8. Mariage à l'extérieur et parrainage ?

L’ouverture sur le monde a pour conséquence que de plus en plus de personnes de pays différents se rencontrent et forment des couples. Il n’est pas rare, pour faciliter l’immigration d’un époux, que les couples décident d’avoir recours au parrainage. Dans bien des cas, les mariages sont célébrés à l’extérieur avant l’arrivée du conjoint au Québec. Là encore, la question peut se poser de savoir où introduire la procédure de divorce. Le conjoint vivant au Québec, depuis plus d’un an, pourra introduire sa procédure au Québec.

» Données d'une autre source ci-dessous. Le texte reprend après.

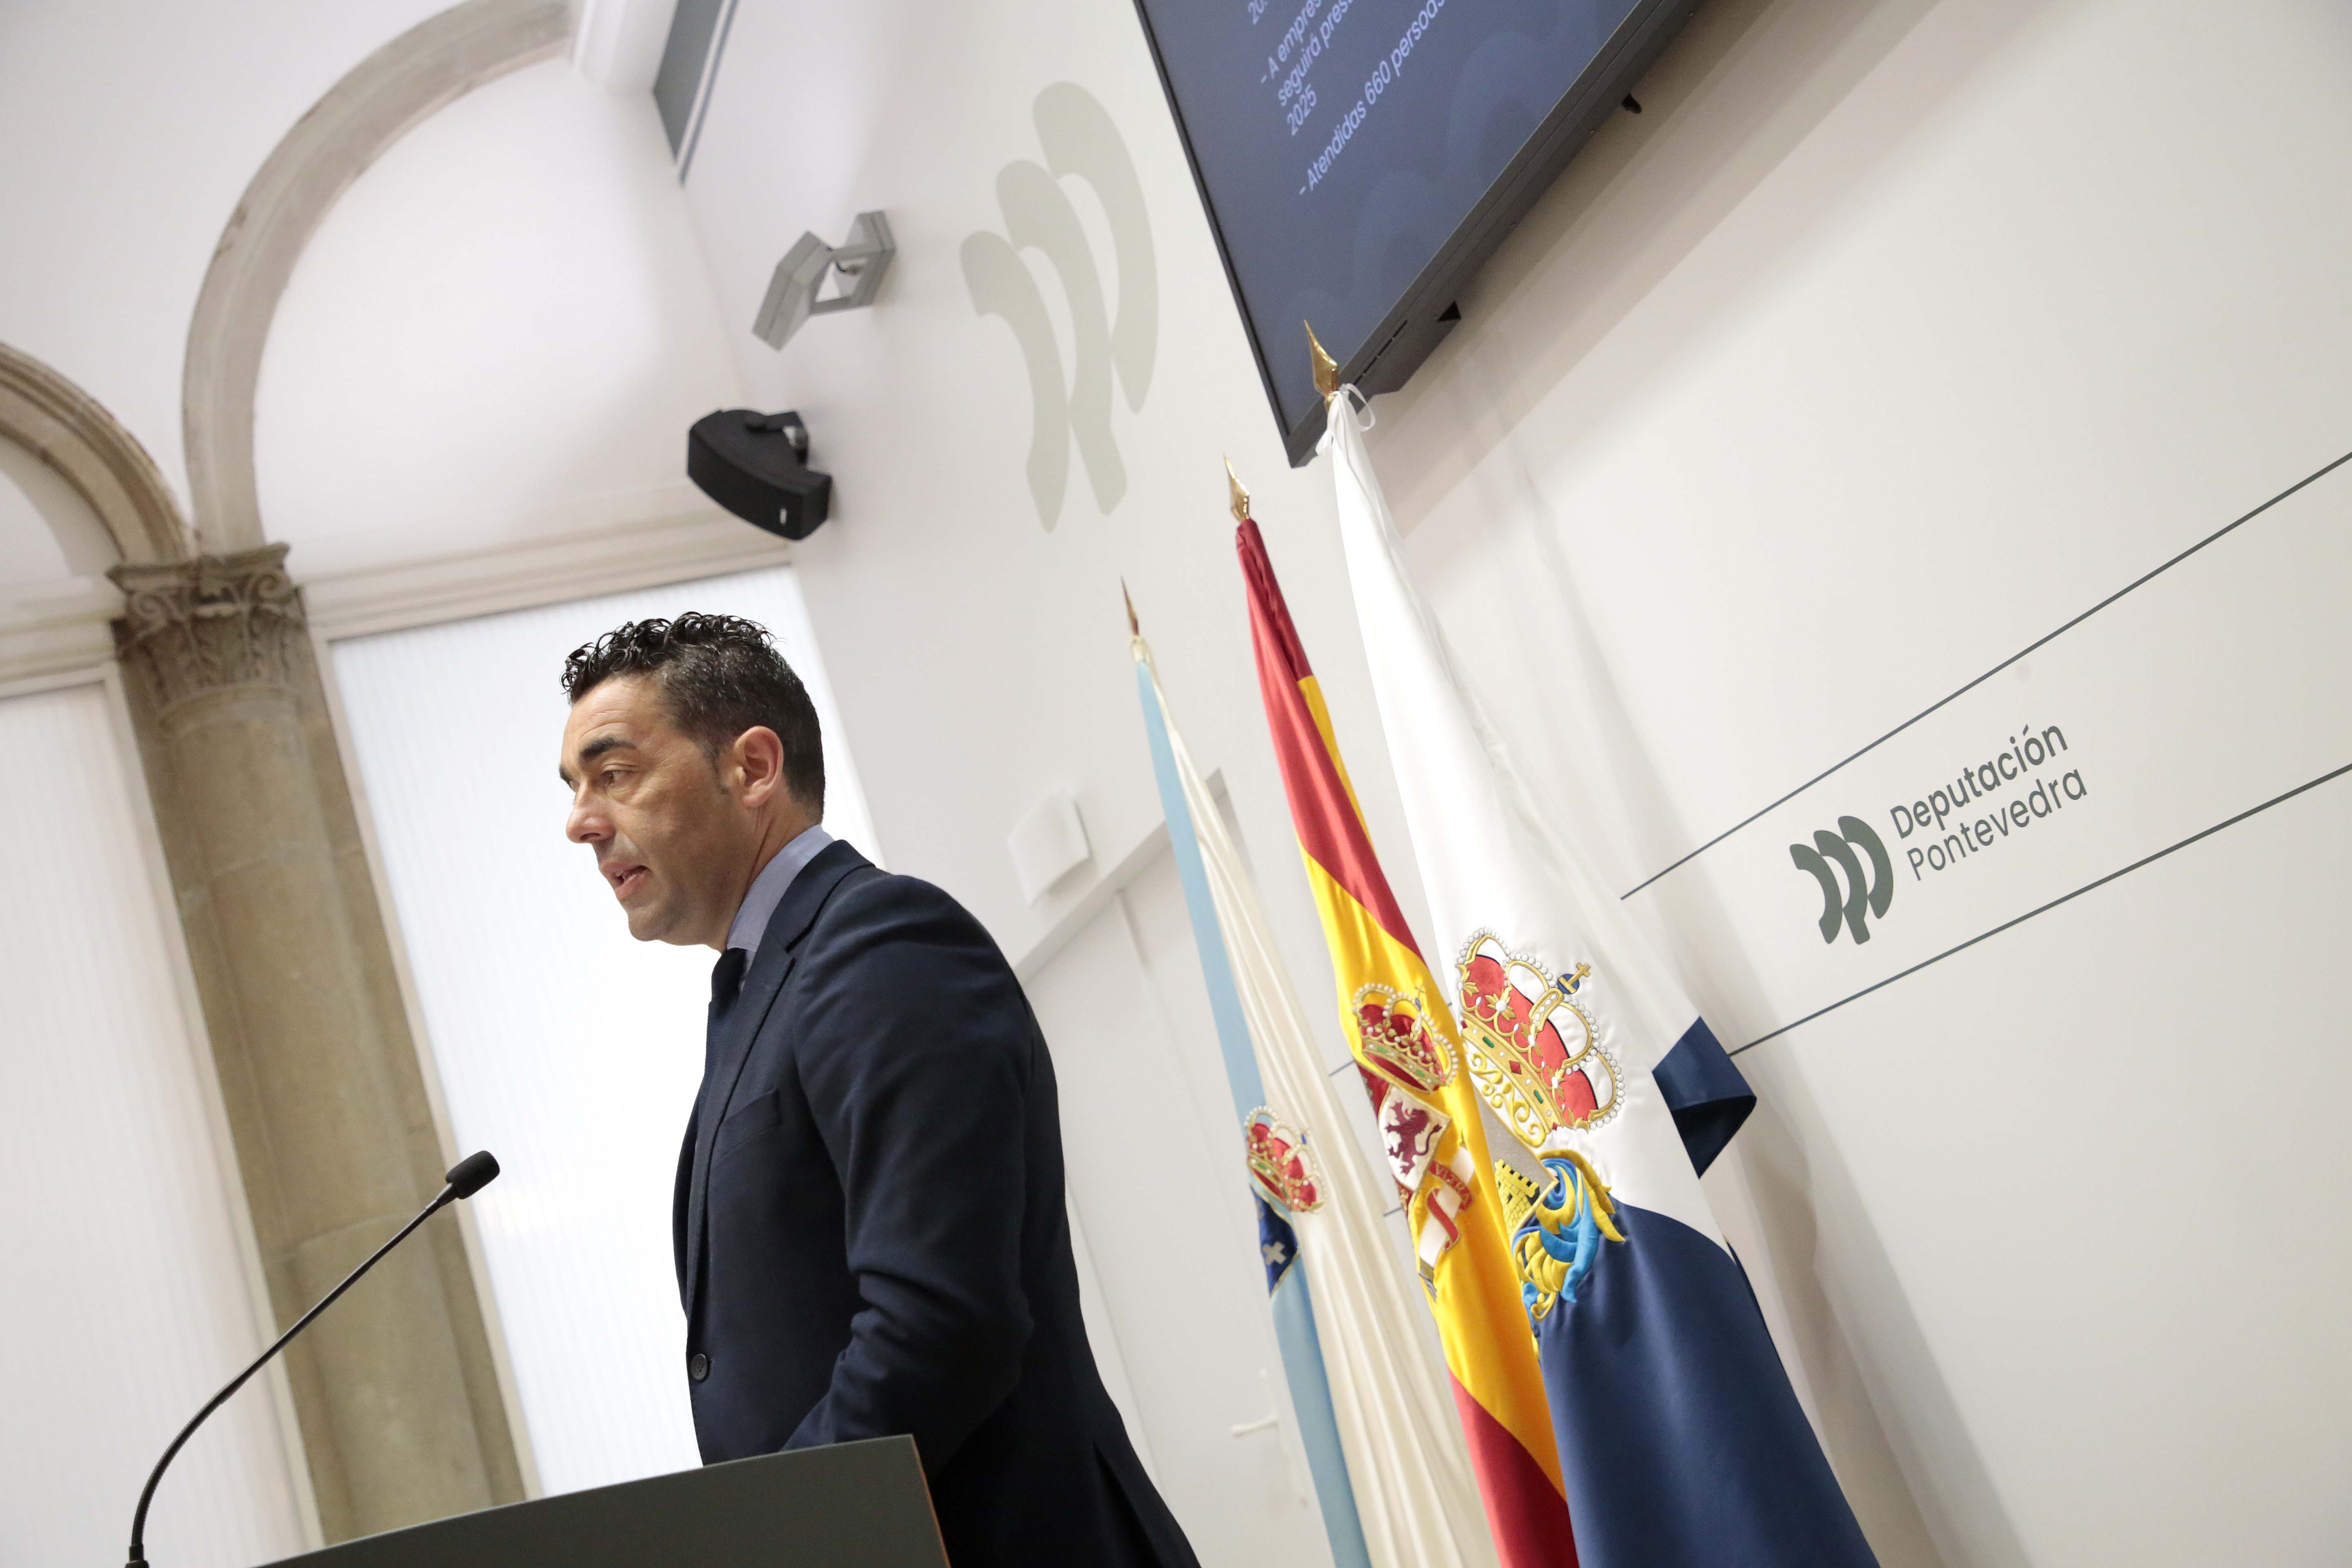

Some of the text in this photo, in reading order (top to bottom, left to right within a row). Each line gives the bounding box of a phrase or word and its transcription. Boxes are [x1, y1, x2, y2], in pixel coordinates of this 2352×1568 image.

[1248, 0, 1267, 25] 20
[1320, 0, 1353, 49] pres
[1268, 56, 1280, 79] A
[1287, 83, 1317, 136] 2025
[1307, 100, 1366, 191] Atendidas
[1364, 60, 1391, 105] 660
[1889, 724, 2069, 840] Deputación
[1906, 768, 2088, 882] Pontevedra
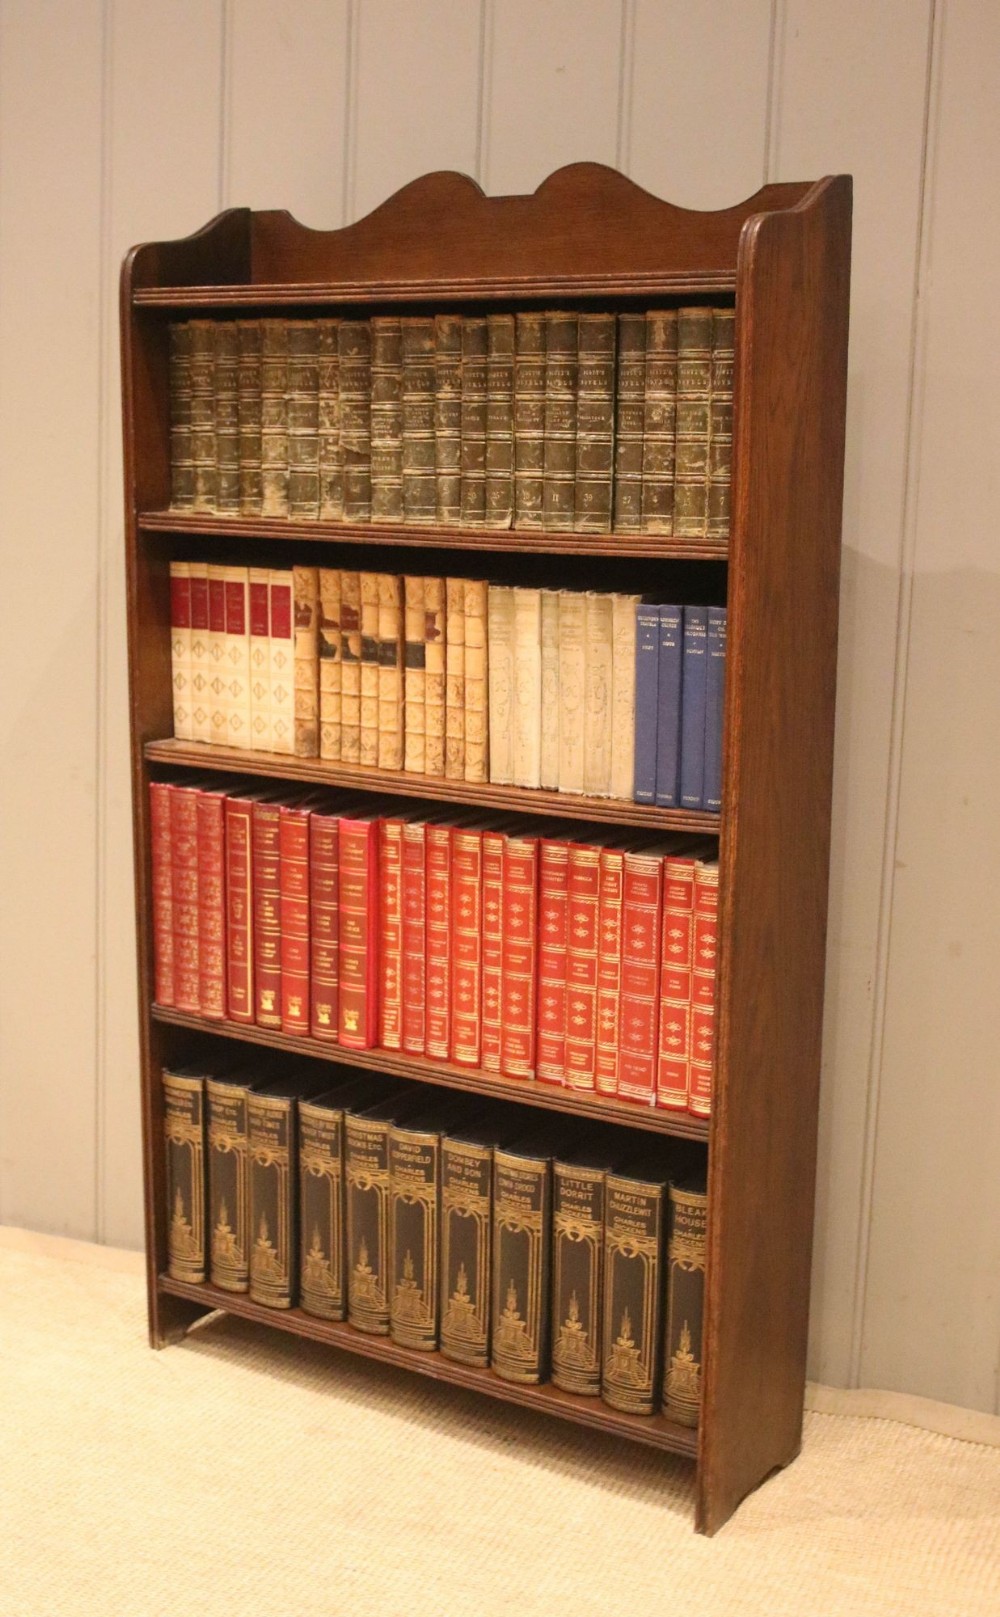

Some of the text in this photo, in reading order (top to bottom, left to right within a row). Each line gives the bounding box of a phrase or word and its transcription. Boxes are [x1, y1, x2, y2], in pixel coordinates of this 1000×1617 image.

[399, 1143, 421, 1154] DAVID
[447, 1153, 481, 1168] DOMBEY
[447, 1163, 482, 1179] AND SON
[560, 1178, 594, 1191] LITTLE
[560, 1187, 594, 1201] DORRIT
[614, 1192, 647, 1206] MARTIN
[560, 1201, 593, 1213] CHARLES
[613, 1216, 647, 1228] CHARLES
[675, 1214, 707, 1228] HOUSE
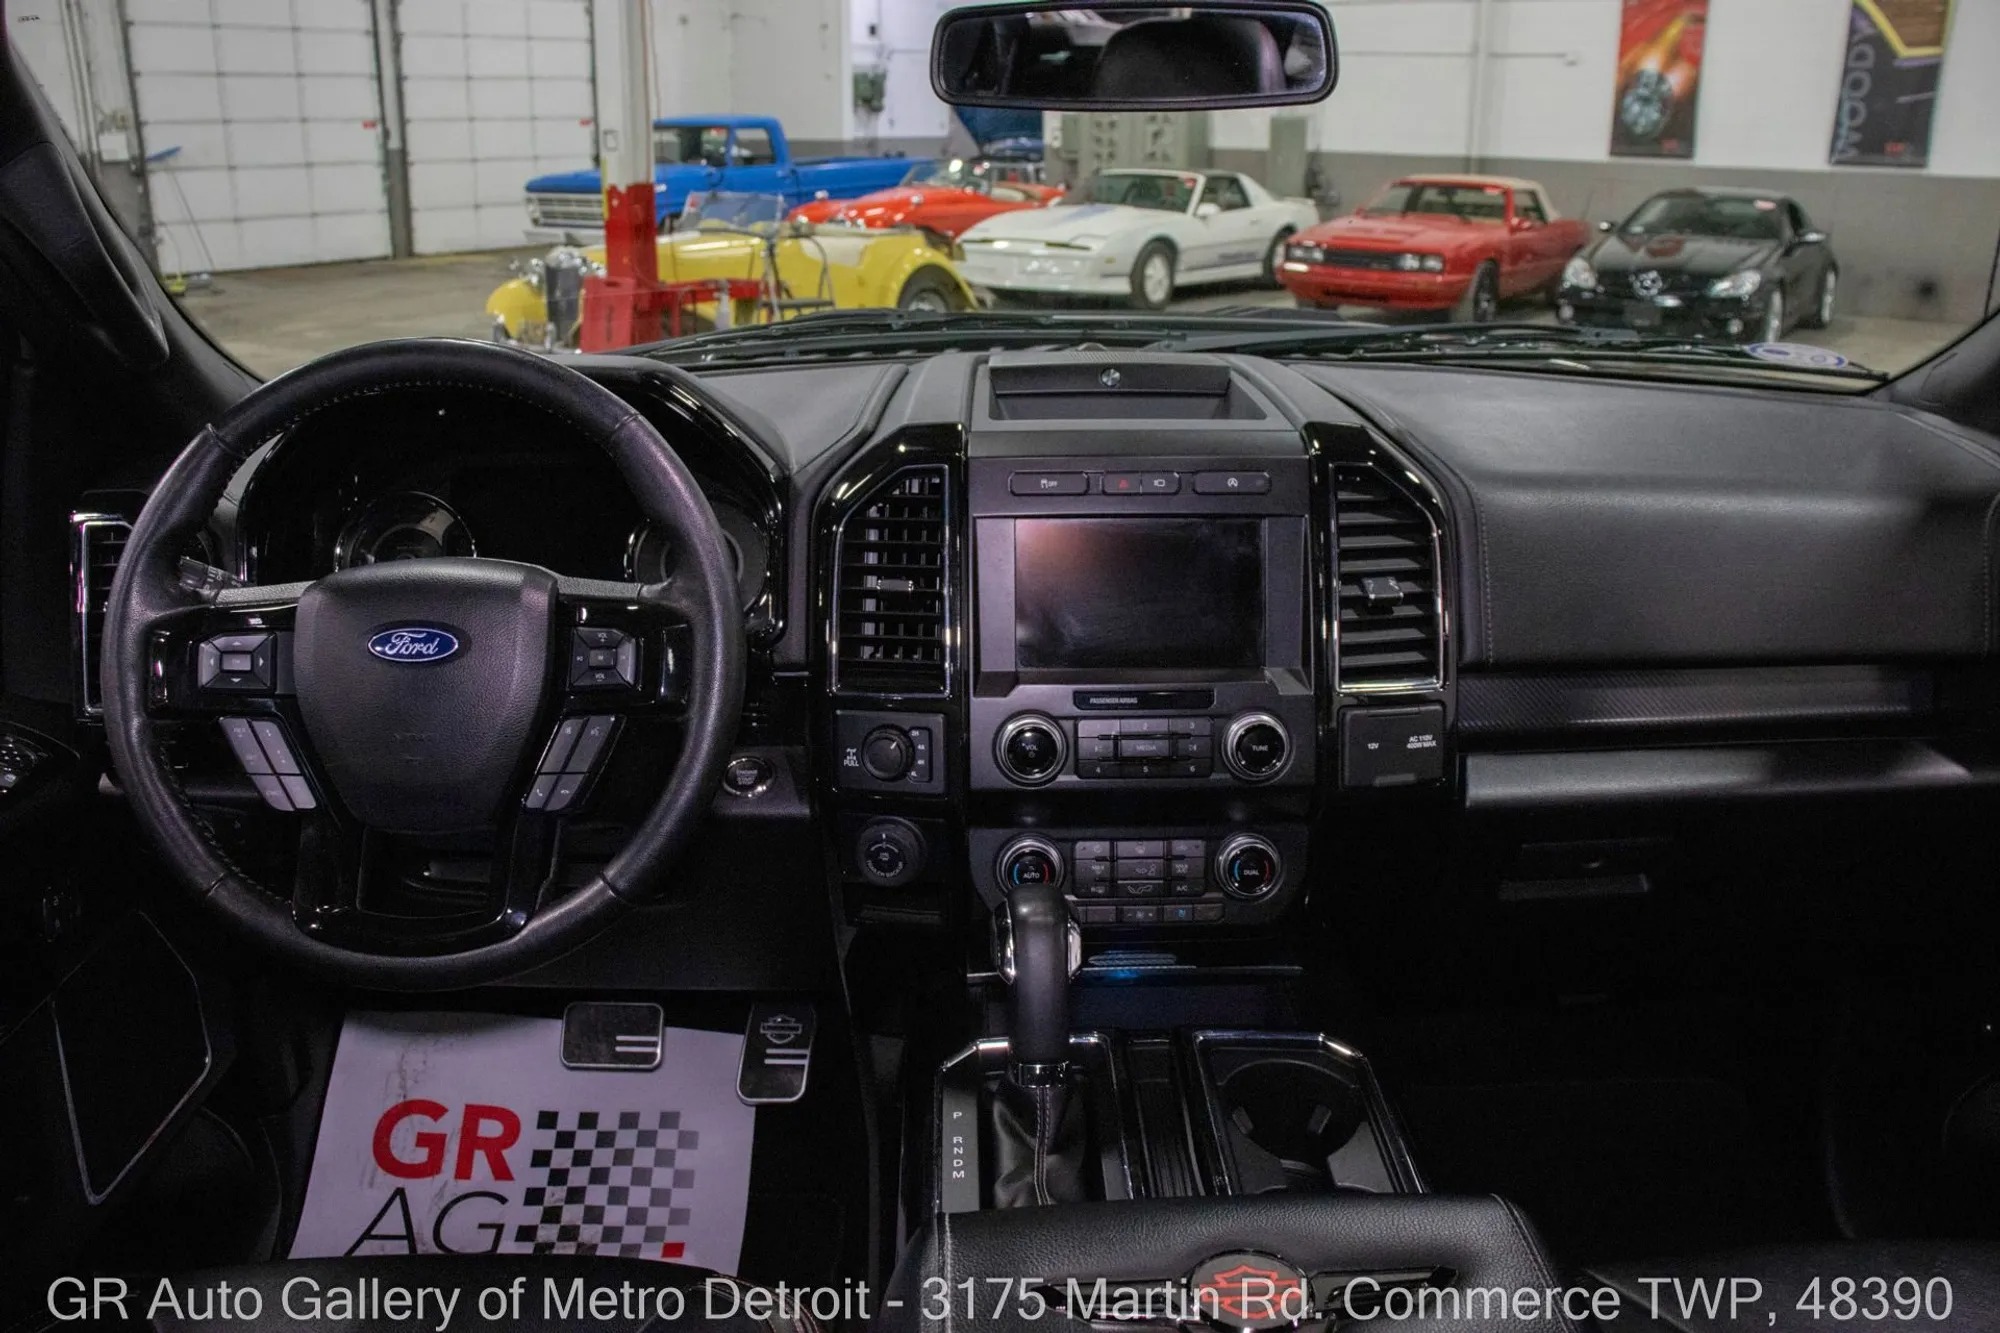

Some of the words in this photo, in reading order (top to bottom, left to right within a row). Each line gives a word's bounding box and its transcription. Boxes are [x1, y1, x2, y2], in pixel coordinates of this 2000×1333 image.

[385, 632, 440, 655] Ford
[1367, 742, 1380, 750] 12V
[1423, 740, 1437, 748] MAX
[953, 1111, 963, 1119] P
[372, 1098, 521, 1181] GR
[953, 1147, 963, 1155] N
[953, 1159, 963, 1167] D
[952, 1170, 965, 1179] M
[343, 1187, 509, 1255] AG

Si l’autre conjoint n’est toujours pas arrivé sur le territoire, il ne pourra pas introduire une demande de divorce au Québec. Advenant que le conjoint parrainé soit sur le territoire depuis moins d’un an, là encore il ne pourra pas dans l’immédiat introduire une procédure de divorce. En revanche, il lui sera possible d’introduire une demande de séparation de corps.

9. Est-ce que le jugement de divorce rendu au Québec est valide dans le pays de célébration du mariage ?

Une fois le jugement de divorce obtenu au Québec, ils arrivent fréquemment que les époux se questionnent sur la reconnaissance de ce jugement dans le pays où le mariage a été célébré. La réponse à cette question dépend de la règle du pays où le jugement de divorce obtenu au Québec devra être reconnu. Habituellement, les parties devront consulter un avocat du pays en question pour connaitre la démarche à entreprendre pour obtenir la reconnaissance du jugement de divorce rendu au Québec.

Il se pourrait, en raison des règles de reconnaissance des jugements du pays où le mariage a été célébré, que le jugement de divorce obtenu au Québec ne soit pas reconnu. Dans ce cas, le jugement de divorce obtenu dans le pays où le mariage avait été célébré postérieurement au jugement de divorce obtenu au Québec, ne viendra pas annuler ce dernier. Le jugement de divorce du Québec restera applicable sur le territoire Canadien.

10. Peut-on obtenir le divorce au Québec même se l'ex-conjoint est retourné dans son pays d'origine où le mariage a été célébré, et qu'il ne veut pas divorcer ?

Dans la mesure où l’époux désirant procéder au divorce vit sur le territoire depuis plus d’un an, il pourra entamer ses démarches au Québec. Il sera nécessaire néanmoins d’avoir des coordonnées de l’autre époux afin qu’il puisse recevoir les procédures.

Le refus de l’autre époux de vouloir participer à la procédure de divorce ne sera pas un frein en tant que tel, et ce même s’il vit à l’étranger. Une preuve de signification valide de la demande de divorce permettra d’aller de l’avant, et d’obtenir le divorce, malgré le refus de l’autre époux.